"If I were them, I would ask for my money back and say, 'Just go home'." That's Willem van Hanegem — Feyenoord legend, man with a stand named after him — on Raheem Sterling. It doesn't get much more damning than that.
Sterling's short-term spell in Rotterdam is, for all practical purposes, over. Seven appearances. Four starts. Zero goals. One assist. His place in the lineup has repeatedly gone to Tobias van den Elshout — a 19-year-old central midfielder who was asked to play left wing instead of a man who once finished 12th in Ballon d'Or voting.

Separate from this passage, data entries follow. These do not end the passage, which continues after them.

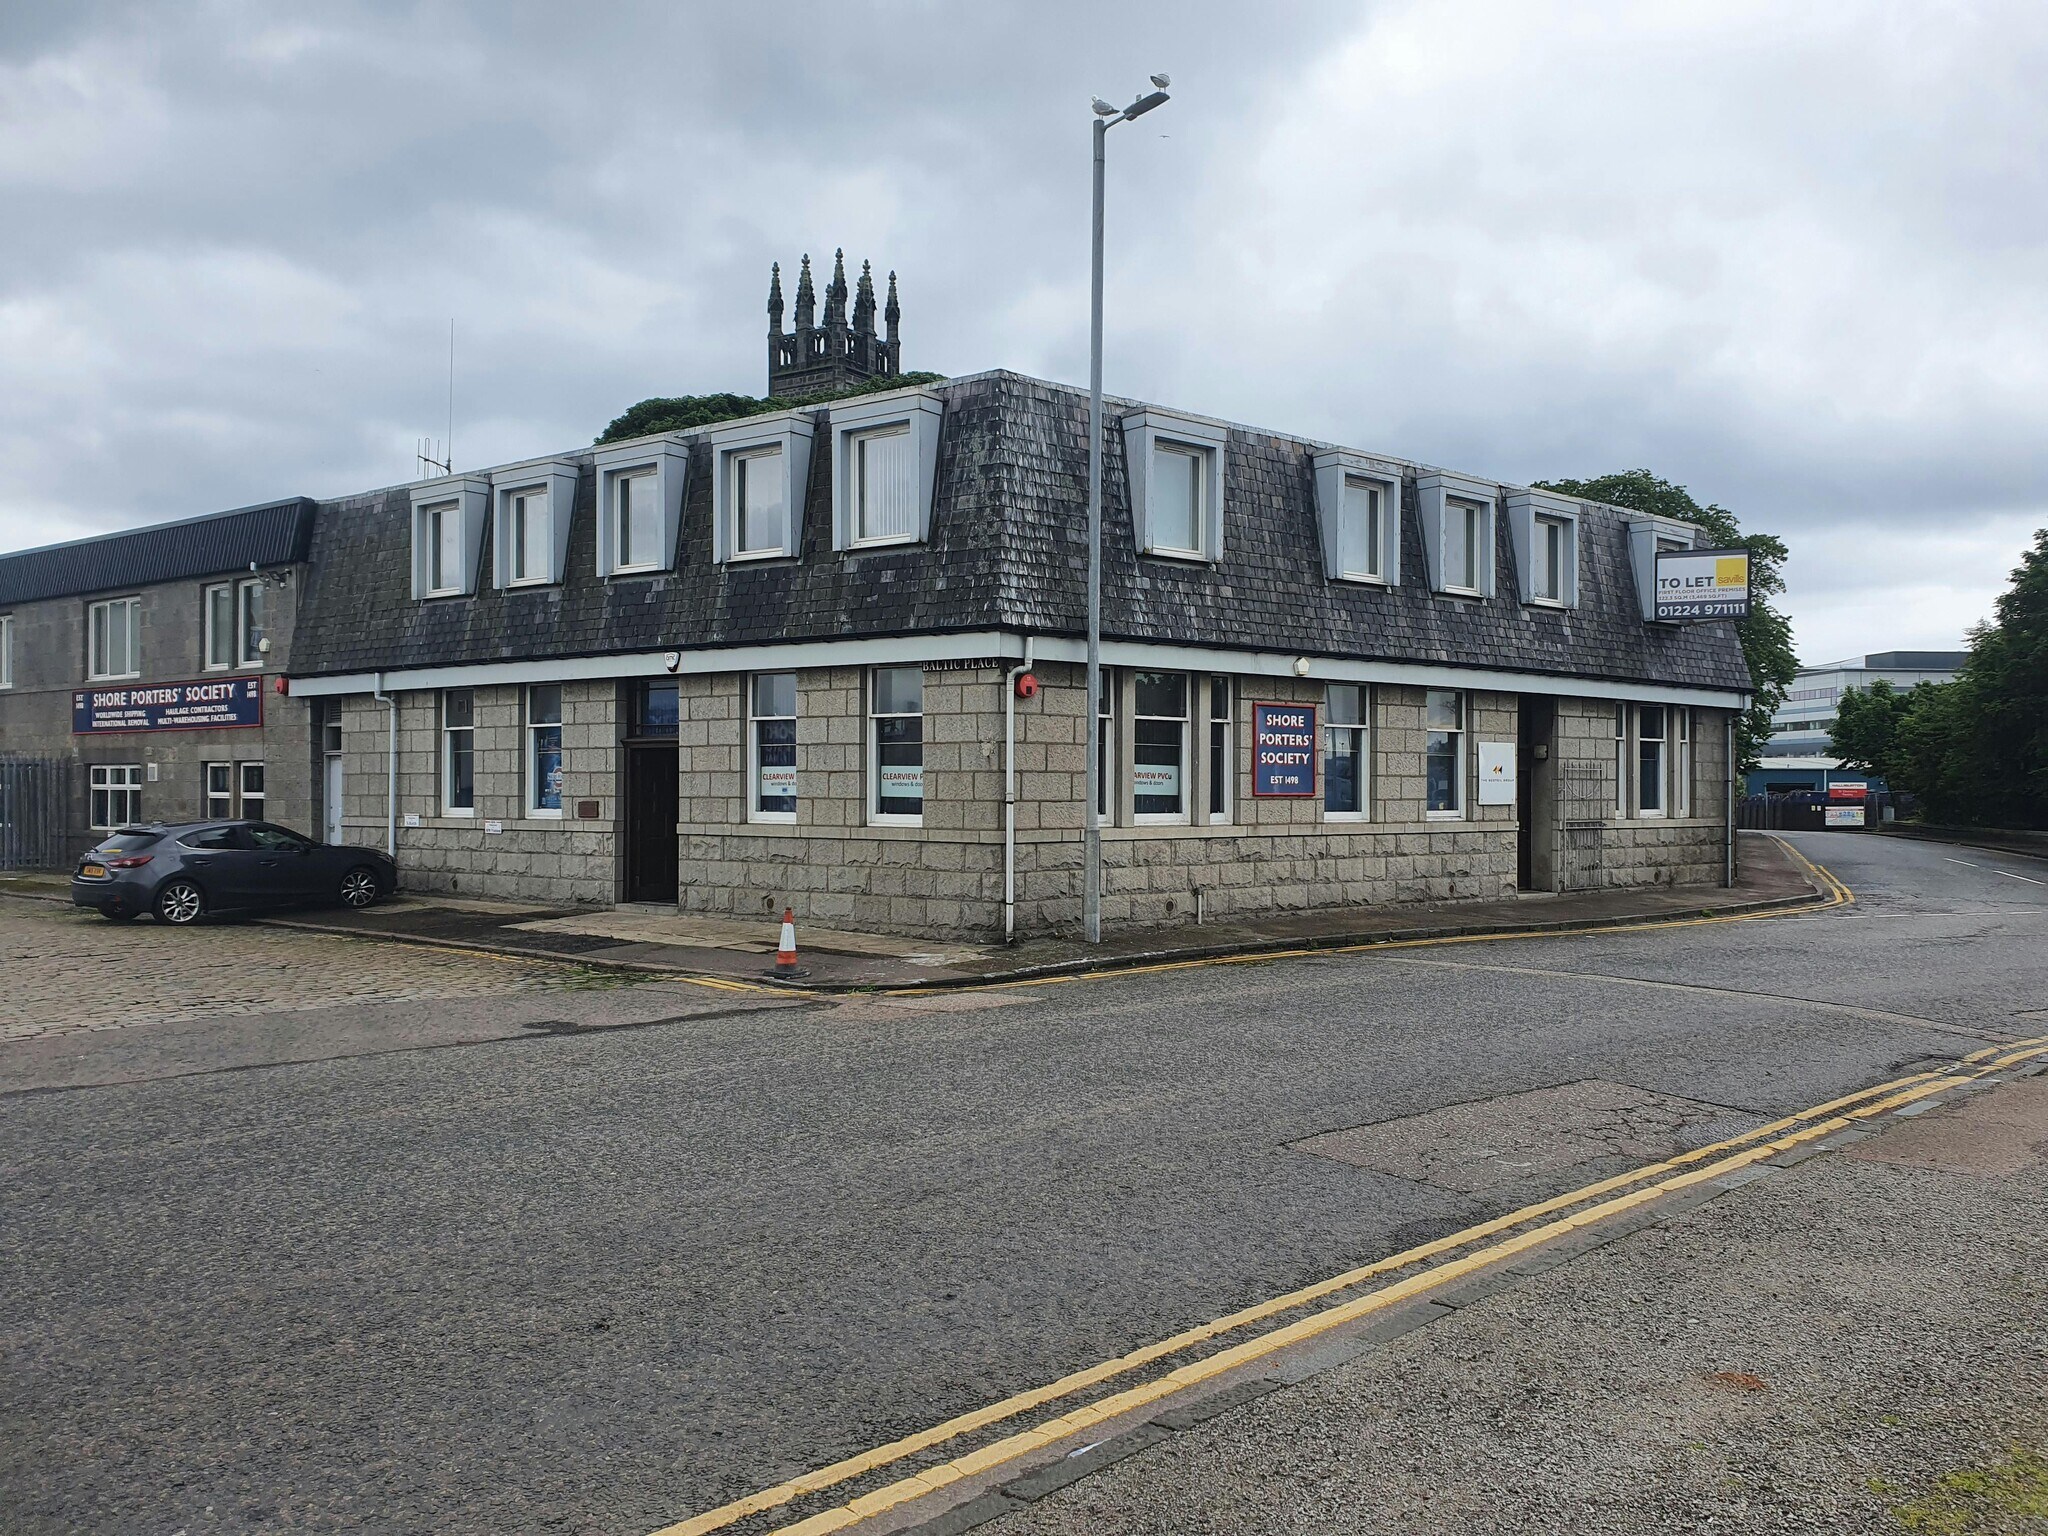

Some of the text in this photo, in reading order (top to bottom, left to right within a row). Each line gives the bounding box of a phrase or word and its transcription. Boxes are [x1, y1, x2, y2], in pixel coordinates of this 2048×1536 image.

[1659, 576, 1714, 589] TO LET
[1718, 574, 1744, 584] savills
[1658, 604, 1745, 616] 01224 971111
[923, 658, 998, 671] BALTIC PLACE
[93, 692, 127, 707] SHORE
[186, 683, 235, 702] SOCIETY
[165, 704, 228, 715] HAULAGE CONTRACTORS
[211, 713, 237, 722] FACILITIES
[1266, 714, 1305, 727] SHORE
[1261, 752, 1310, 764] SOCIETY
[1270, 776, 1299, 784] EST 1498

Let that land for a second. Feyenoord were fighting for Champions League qualification, and their solution was a teenage midfielder out of position. Not Sterling.
What Actually Went Wrong
The easy read is that Sterling's legs have gone at 31. The more accurate one is that seven months completely frozen out at Chelsea — not training with the first team, not playing, collecting £325,000 a week to work with a personal trainer — did serious, lasting damage to his match fitness. By the time he arrived at Feyenoord, he was starting a pre-season in January, with Champions League pressure on from week one.
His personal trainer, Ben Rosenblatt, is blunt about where things stood when they started working together: "I was definitely thinking, 'I don't know how this guy can play again'." That improved. But improved enough for competitive European football at pace? Clearly not.

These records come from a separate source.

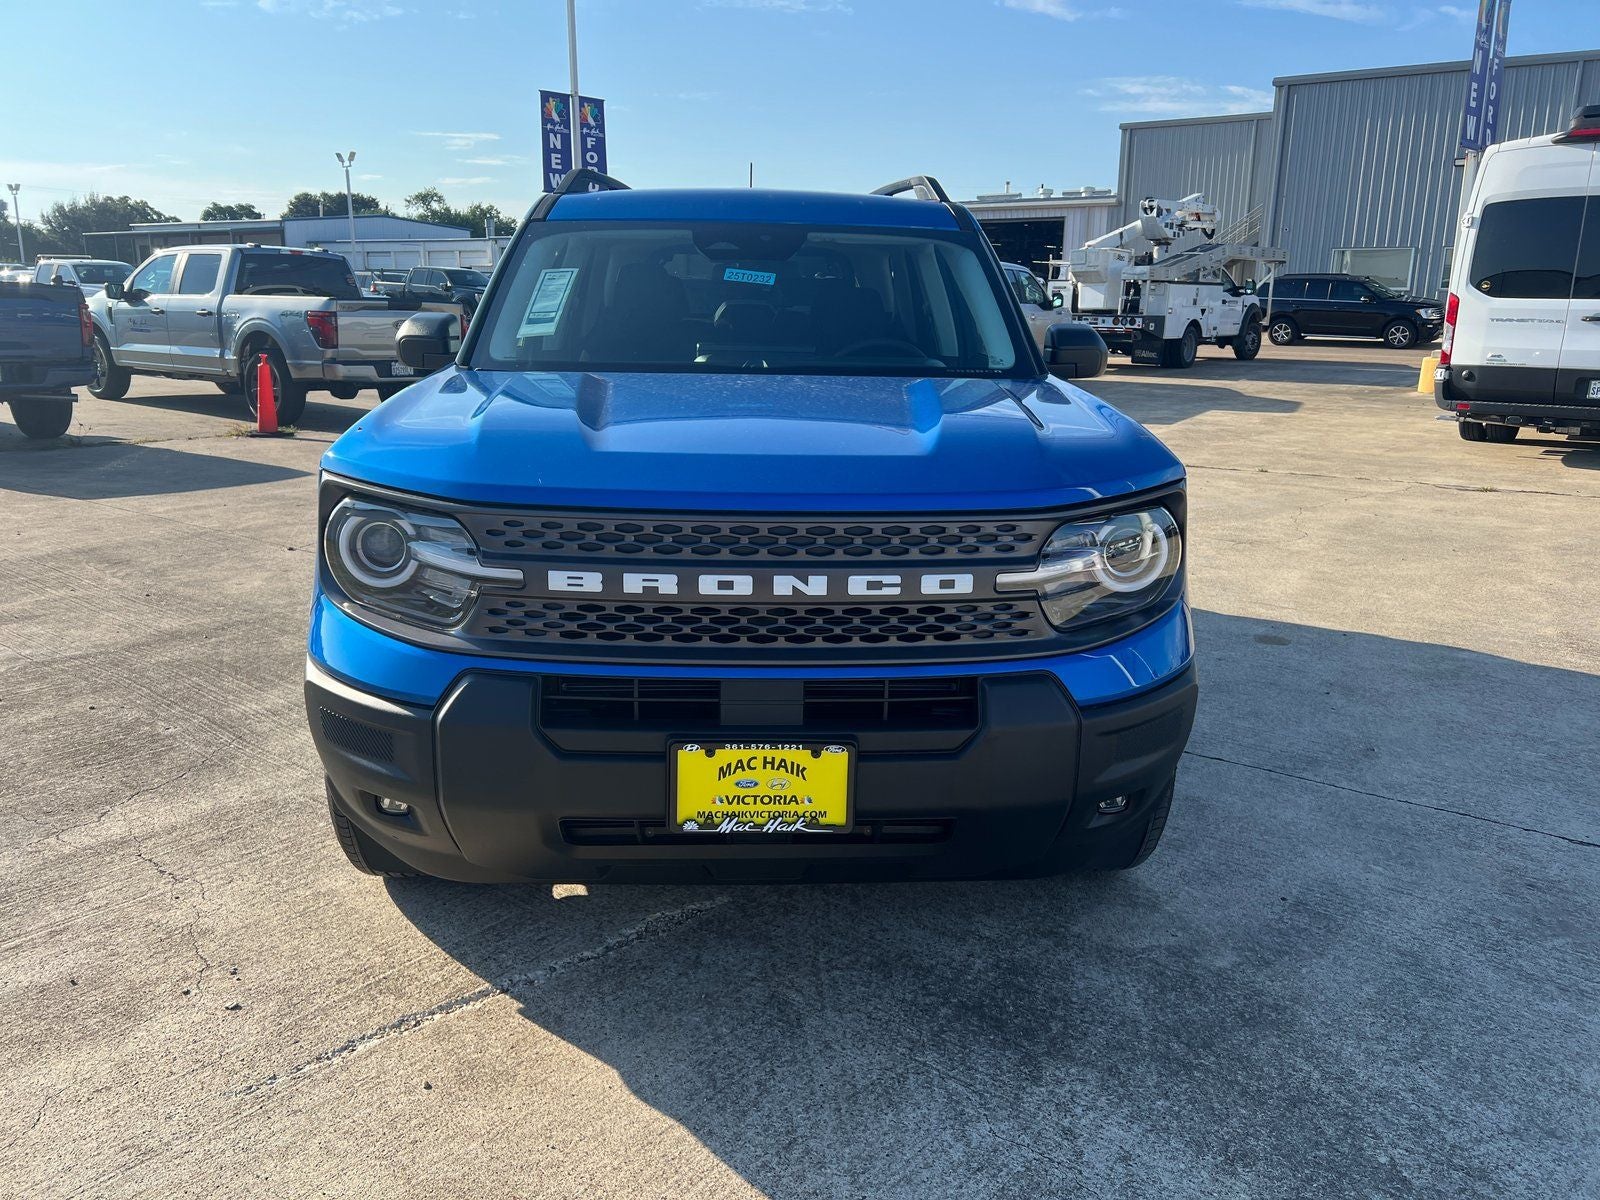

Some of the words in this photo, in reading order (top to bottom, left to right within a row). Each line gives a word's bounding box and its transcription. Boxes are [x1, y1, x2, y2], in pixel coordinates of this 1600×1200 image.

[1466, 48, 1482, 141] NEW
[1486, 59, 1499, 145] FORD
[549, 133, 566, 189] NEW
[727, 271, 771, 283] 25T0232
[547, 570, 974, 596] BRONCO
[718, 756, 757, 781] MAC
[762, 756, 807, 781] HAIK
[724, 794, 800, 806] VICTORIA
[717, 817, 757, 833] Mac
[762, 817, 808, 833] Haik

Jan Everse, a former Netherlands international who played alongside Johan Cruyff, watched Sterling and saw a player stripped of his one defining weapon. "He's not explosive any longer," Everse said. "One against one, he never passes a defender. So now, without his old speed, he plays the ball without risk." When a winger stops running at people, he stops being a winger. Sterling was substituted off at NAC Breda in his first start while the crowd laughed. In a later game, he got on the pitch and immediately fell over trying to beat a defender. The stadium laughed again.
Robin van Persie has defended his player publicly — even snapping at journalists for judging Sterling too early — but actions tell a clearer story. Sterling has been an unused substitute in three of his last four matches. At Sunday's final home game of the season, a 1-1 draw with AZ that secured second place and Champions League football, Sterling sat in the dugout with two empty seats on one side and three on the other.
The Career Behind the Decline
It's worth being clear about what Sterling actually was before this. Four Premier League titles with Manchester City. An MBE. 82 England caps across three World Cups. Named in UEFA's team of the tournament at Euro 2020. Over 600 career appearances by the age of 29, playing 50-plus games in eight consecutive seasons. Gareth Southgate once refused to rule out a Ballon d'Or.
That level of output across that many years doesn't leave a player untouched. Burnout is the polite word. The blunter version is that Sterling may have simply used up most of what he had — and the Chelsea exile, rather than preserving him, just accelerated the decay by destroying his rhythm.
Van Persie says there's a conversation coming after the final game of the season. "We will sit down together and ask him how he liked his time with Feyenoord and how he sees the future." Whether that means a contract extension or a goodbye, everyone expects the latter.
Meanwhile, on Sunday night, Marcus Rashford — three years younger, once the player always measured against Sterling — scored for Barcelona in a Clásico win that helped seal La Liga. The contrast is uncomfortable and completely unavoidable.
MLS, the Middle East, or a Premier League side willing to take a gamble on a reclamation project — those are Sterling's realistic options now. One Dutch football man's verdict was the starkest: "It's over." And after watching what happened in Rotterdam, it's hard to find much to argue with.
The crowd did sing his name at the final whistle on Sunday. Sterling hugged every teammate, gave his shirt to a kid in the stands, and stood on the edge of the penalty area while Feyenoord's season was saluted. A respectful ending to something that never really began.